A Direct Public Offering (DPO) is a method by which a business can offer an investment opportunity directly to the public.
A DPO is similar to an initial public offering (IPO) in that securities, such as stock or debt, are sold to investors, but unlike an IPO, a company uses a DPO to raise capital directly and without a "firm underwriting" from an investment banking firm or broker-dealer. A DPO may have a sponsoring FINRA broker, but the broker does not guarantee full subscription of the offering. In a DPO, the broker merely assures compliance with all applicable securities laws and assists with organizing the offering. Following compliance with federal and state securities laws, a company can sell its shares directly to anyone, even non-accredited investors, including customers, employees, suppliers, distributors, family, friends and others. 
Most DPOs do not require registration with the Securities and Exchange Commission (SEC) because they qualify for an exemption from the federal registration requirements. The most commonly used exemptions are for intrastate offerings, offerings under $1 million (the Rule 504 exemption), and Regulation A. In such cases, state level registration is generally required. State level registration is usually less onerous and time-consuming than federal registration. Charitable organizations are also exempt from registration with the SEC and in most states.
For offerings involving SEC filings (such as Regulation A) some law firms and other service providers offer to manage a DPO within twelve months, for less than $100,000. The process and time required for such an offering is similar to the process utilized by large companies to complete an IPO, except that many DPOs are marketed via internet advertising and ads direct to consumers. 
Offerings that do not require federal registration or filings can be done more cheaply and quickly - costs can range from $15,000-$50,000 and it can take as little as one month to complete the process. 
Direct public offerings are primarily utilized by small to medium size companies and nonprofits who want to raise capital directly from their own community rather than from financial institutions like banks and venture capital firms.
Direct public offerings are often viewed as a type of investment crowdfunding; but unlike the offerings made under crowdfunding exemptions (Title III of the federal JOBS Act or similar state laws), DPOs are typically registered at the state level and undergo some degree of regulatory scrutiny. DPOs also generally offer more flexibility in marketing and soliciting investors for the offering than exempt crowdfunding offerings. 

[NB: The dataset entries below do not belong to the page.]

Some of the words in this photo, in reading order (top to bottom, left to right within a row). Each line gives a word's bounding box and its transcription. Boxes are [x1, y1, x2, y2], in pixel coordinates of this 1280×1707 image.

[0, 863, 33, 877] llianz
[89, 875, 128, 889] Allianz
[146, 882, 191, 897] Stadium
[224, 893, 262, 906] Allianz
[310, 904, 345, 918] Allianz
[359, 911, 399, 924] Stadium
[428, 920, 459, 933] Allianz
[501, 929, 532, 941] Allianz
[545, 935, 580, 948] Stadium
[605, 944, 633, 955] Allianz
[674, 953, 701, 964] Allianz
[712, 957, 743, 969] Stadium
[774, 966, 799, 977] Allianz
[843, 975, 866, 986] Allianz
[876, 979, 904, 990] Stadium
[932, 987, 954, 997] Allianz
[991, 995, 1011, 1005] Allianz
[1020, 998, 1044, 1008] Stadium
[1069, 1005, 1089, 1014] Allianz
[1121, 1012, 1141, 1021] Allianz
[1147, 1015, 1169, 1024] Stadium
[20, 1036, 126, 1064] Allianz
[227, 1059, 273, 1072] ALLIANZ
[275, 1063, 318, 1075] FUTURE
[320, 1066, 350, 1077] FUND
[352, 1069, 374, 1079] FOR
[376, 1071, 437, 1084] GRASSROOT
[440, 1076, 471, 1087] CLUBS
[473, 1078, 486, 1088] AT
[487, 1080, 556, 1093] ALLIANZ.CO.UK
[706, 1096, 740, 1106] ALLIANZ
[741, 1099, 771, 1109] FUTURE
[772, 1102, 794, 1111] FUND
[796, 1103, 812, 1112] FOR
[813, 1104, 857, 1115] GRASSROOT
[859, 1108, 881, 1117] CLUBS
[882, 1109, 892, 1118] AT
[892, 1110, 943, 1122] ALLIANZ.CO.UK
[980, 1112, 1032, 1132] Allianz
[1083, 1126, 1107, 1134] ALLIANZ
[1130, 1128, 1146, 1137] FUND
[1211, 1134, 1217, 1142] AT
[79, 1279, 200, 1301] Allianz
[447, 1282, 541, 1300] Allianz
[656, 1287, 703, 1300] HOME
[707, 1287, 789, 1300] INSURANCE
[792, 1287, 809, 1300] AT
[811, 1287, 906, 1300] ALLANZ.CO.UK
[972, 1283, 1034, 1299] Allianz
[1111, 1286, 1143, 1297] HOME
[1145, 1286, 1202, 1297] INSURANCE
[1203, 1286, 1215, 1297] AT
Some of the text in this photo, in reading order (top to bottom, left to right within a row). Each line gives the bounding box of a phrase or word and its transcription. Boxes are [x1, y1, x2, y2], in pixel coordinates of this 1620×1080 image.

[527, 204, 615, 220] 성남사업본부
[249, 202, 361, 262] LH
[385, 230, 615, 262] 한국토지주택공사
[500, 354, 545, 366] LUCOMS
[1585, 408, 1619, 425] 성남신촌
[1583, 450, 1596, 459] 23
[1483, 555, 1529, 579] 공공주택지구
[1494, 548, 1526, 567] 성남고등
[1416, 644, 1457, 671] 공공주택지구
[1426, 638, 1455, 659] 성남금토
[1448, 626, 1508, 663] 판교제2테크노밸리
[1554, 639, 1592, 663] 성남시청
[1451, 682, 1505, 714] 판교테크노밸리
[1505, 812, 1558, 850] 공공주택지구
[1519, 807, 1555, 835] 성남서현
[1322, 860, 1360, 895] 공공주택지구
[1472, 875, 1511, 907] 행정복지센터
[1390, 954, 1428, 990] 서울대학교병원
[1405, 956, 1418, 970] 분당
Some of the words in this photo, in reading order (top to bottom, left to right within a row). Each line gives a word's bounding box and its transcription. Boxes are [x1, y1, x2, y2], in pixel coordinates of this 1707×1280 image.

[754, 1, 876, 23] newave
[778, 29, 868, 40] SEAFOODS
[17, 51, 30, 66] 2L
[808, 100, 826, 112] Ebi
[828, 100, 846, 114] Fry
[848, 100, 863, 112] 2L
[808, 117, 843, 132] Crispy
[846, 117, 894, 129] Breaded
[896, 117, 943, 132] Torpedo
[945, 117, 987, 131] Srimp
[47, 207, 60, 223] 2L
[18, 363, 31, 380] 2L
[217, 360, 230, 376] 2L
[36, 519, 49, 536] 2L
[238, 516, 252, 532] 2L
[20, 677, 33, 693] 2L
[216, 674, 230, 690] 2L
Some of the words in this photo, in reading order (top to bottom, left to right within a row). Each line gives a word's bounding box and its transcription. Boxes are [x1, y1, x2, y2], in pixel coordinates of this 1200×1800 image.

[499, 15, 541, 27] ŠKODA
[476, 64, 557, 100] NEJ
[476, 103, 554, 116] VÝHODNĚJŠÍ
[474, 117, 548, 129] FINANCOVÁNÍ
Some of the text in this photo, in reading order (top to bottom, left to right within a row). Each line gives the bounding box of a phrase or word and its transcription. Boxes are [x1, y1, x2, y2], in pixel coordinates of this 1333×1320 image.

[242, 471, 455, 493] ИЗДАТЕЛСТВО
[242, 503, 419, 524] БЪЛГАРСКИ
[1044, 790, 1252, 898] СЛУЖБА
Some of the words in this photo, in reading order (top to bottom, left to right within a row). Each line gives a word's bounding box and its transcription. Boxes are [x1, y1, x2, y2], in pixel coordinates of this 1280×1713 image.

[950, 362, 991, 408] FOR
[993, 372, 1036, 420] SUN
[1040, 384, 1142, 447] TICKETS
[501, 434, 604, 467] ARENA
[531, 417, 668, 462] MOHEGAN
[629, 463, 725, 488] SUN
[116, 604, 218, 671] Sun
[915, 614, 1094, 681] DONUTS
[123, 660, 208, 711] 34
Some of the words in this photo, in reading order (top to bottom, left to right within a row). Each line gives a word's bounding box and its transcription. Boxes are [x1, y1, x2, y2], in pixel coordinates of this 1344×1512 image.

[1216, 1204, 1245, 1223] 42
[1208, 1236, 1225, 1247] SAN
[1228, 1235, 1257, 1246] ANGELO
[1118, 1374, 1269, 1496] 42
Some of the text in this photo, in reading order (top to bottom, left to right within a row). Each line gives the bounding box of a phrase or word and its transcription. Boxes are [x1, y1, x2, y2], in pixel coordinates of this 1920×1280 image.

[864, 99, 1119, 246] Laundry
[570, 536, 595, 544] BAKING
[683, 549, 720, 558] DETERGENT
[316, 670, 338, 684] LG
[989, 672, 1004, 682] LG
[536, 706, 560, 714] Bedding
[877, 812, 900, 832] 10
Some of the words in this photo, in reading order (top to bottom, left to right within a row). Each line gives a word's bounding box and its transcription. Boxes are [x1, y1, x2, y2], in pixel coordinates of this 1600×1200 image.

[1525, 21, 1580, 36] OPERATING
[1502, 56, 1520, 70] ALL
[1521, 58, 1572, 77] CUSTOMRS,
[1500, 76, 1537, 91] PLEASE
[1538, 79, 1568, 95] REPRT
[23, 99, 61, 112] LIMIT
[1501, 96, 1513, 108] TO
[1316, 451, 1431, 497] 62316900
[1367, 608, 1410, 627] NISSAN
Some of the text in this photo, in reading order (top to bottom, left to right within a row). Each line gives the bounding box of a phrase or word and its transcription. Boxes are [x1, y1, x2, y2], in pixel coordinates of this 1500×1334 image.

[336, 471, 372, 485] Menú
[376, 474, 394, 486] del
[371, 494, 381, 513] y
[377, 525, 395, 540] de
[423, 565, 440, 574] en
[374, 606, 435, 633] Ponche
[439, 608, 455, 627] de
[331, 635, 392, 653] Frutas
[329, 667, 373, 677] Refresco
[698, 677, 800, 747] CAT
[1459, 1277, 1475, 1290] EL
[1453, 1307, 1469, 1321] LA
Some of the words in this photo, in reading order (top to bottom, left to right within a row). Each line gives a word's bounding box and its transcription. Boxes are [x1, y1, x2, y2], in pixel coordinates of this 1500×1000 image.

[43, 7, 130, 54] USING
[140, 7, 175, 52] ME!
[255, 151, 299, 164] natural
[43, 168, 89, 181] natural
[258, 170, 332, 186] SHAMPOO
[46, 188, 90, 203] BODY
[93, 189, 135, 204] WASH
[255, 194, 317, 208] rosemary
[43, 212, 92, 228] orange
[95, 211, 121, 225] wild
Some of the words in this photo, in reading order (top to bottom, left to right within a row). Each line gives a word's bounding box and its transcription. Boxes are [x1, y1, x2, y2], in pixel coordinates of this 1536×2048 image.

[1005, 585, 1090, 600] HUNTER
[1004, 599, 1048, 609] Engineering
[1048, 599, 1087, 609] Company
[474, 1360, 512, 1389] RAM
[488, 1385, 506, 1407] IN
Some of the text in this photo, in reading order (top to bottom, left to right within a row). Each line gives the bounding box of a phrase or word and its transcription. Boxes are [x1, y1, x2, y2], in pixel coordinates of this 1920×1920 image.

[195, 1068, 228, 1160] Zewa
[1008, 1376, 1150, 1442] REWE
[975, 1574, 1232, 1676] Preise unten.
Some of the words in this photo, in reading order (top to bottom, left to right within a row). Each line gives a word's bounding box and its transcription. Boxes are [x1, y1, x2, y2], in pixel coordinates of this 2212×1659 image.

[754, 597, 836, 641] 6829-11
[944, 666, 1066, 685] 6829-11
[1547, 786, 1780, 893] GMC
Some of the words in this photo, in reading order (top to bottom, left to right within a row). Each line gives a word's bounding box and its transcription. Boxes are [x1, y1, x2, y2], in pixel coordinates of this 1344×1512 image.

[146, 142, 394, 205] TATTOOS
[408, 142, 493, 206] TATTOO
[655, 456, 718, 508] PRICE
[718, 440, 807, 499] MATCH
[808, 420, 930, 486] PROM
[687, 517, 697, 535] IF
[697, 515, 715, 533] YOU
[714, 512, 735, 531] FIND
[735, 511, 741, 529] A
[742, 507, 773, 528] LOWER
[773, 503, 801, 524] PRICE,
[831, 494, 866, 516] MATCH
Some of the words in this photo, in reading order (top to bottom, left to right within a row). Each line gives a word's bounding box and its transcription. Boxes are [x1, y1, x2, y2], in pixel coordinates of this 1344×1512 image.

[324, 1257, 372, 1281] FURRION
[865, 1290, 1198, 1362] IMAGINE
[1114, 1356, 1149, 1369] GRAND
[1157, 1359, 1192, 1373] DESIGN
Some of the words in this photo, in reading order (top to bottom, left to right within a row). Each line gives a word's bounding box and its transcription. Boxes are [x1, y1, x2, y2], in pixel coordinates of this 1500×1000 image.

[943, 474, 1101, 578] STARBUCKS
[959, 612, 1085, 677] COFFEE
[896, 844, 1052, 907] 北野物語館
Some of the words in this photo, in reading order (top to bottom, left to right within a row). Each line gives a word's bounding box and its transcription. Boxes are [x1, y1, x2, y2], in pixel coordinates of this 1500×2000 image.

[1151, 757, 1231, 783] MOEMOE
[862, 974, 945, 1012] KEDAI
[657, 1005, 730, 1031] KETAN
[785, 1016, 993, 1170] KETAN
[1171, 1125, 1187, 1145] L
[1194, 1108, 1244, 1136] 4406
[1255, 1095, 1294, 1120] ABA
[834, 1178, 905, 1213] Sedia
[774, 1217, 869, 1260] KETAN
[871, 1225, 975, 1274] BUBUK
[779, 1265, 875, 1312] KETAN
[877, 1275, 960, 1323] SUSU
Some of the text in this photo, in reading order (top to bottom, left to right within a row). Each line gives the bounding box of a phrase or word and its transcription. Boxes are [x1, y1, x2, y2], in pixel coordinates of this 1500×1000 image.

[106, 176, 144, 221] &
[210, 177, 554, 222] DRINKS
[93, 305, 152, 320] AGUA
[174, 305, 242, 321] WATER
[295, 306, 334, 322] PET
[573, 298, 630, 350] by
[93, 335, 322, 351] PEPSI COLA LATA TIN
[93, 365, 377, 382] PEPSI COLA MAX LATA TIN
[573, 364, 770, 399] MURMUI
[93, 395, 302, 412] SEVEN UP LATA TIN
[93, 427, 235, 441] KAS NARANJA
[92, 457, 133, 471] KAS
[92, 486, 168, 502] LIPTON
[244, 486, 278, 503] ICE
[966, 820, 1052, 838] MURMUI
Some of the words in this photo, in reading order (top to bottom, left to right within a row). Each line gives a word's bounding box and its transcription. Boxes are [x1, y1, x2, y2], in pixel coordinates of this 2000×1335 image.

Some direct public offerings are now being conducted on crowdfunding platform sites. Many companies offer software and services to facilitate electronic DPOs on their websites.
Pros and cons
The advantages of a direct public offering include: broader access to investment capital, the ability to raise capital from the company's own community (including non-wealthy investors), the ability to utilize stock to complete acquisitions and stock options to attract and retain employees, enhanced credibility and providing early investors with liquidity.
The disadvantages of a direct public offering include: the company must raise its own capital without the assistance of professional financiers, the process has significant cost which may significantly reduce the effective capital raised, like any financing, it takes management time and attention from business operations, and there may be ongoing financial and legal reporting requirements.
Any company or nonprofit following the applicable rules and regulations can conduct a direct public offering. There are no sales, profit, asset or other traditional requirements or qualifications.
Companies interested in completing a direct public offering must have:
- a complete set of internally generated financial statements (which can usually be unaudited, though a few states require audited financials)
- a disclosure statement (often called an offering memorandum or prospectus) providing all information potential investors need in order to make an investment decision
- if applicable, state or federal regulatory approval.
Subject to compliance with federal and state securities laws, a company may sell its shares to the public using a variety of methods.
A company that conducts a DPO does not thereby become a publicly-traded company, nor does it typically become subject to SEC reporting requirements. However, the company may subsequently register its stock to trade on a public market or over the counter.